Quando sono emerse le riprese dell’aggressione alla suora, la polizia israeliana ha annunciato l’arresto di un uomo di 36 anni. E dopo la protesta per la distruzione della statua di Gesù a Debel, l’ufficio del primo ministro Benjamin Netanyahu ha prontamente emesso una condanna.
I due soldati coinvolti – uno dei quali ha usato una mazza per frantumare la statua mentre l’altro filmava – sono stati rimossi dal servizio di combattimento e condannati a 30 giorni di carcere.
A marzo, l’ufficio di Netanyahu ha anche offerto scuse dopo che la polizia israeliana ha impedito al Patriarca latino di Gerusalemme Pierbattista Pizzaballa di raggiungere la Chiesa del Santo Sepolcro per celebrare la messa della Domenica delle Palme.

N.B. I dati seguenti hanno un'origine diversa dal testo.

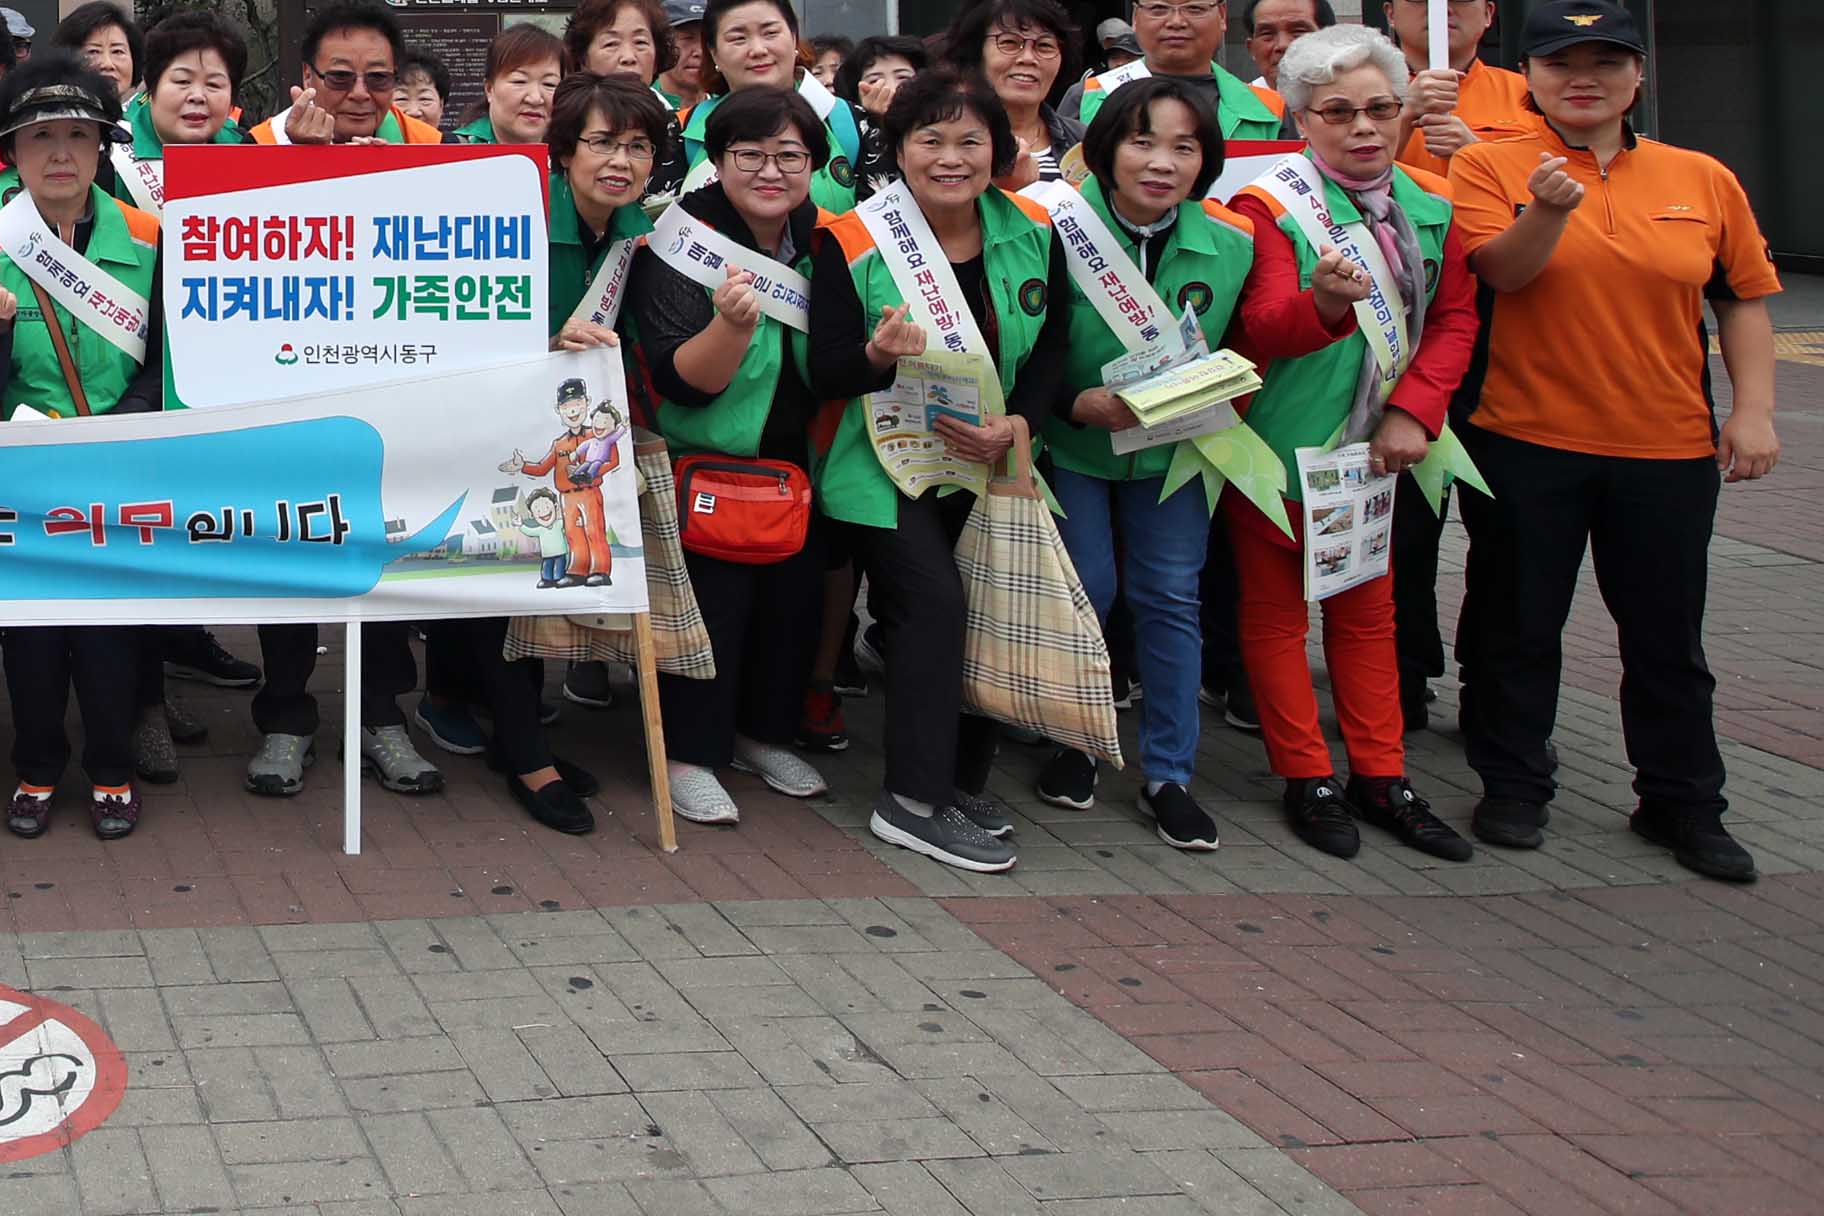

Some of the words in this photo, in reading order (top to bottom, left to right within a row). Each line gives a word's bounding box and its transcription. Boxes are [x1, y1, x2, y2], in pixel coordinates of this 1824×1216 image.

[1275, 166, 1312, 196] 매월
[182, 215, 355, 262] 참여하자!
[373, 215, 531, 261] 재난대비
[688, 242, 723, 269] 매월
[36, 250, 90, 298] 함께해요
[88, 290, 144, 332] 재난예방!
[883, 210, 926, 269] 함께해요
[915, 269, 960, 330] 재난예방!
[1058, 217, 1108, 273] 함께해요
[1099, 271, 1154, 326] 재난예방!
[182, 275, 355, 321] 지켜내자!
[373, 275, 531, 321] 가족안전
[303, 343, 438, 365] 인천광역시동구

La decisione di Israele di disciplinare i soldati coinvolti nell’incidente di Debel risalta considerando quanto raramente le indagini militari trovino difetti nella condotta delle sue truppe. Nessun soldato israeliano è stato accusato di aver ucciso un palestinese negli ultimi dieci anni.
Ciò nonostante l’uccisione di oltre 72.000 persone nella guerra genocida condotta da Israele contro Gaza, la maggior parte delle quali donne e bambini.
Altre migliaia sono state uccise fuori Gaza, tra cui la corrispondente di Al Jazeera Shireen Abu Akleh, una cristiana, uccisa da un soldato israeliano nella Cisgiordania occupata nel 2022.
Le forze israeliane hanno distrutto più di 800 moschee a Gaza durante la guerra genocida, inclusa la Grande Moschea Omari, che è la più grande e antica della Striscia.
Il minareto della moschea, vecchio di 1.400 anni, è stato distrutto e anche la sua struttura è stata gravemente danneggiata.
Sono state colpite anche diverse chiese, tra cui la chiesa di San Porfirio, la più antica di Gaza e la terza più antica del mondo.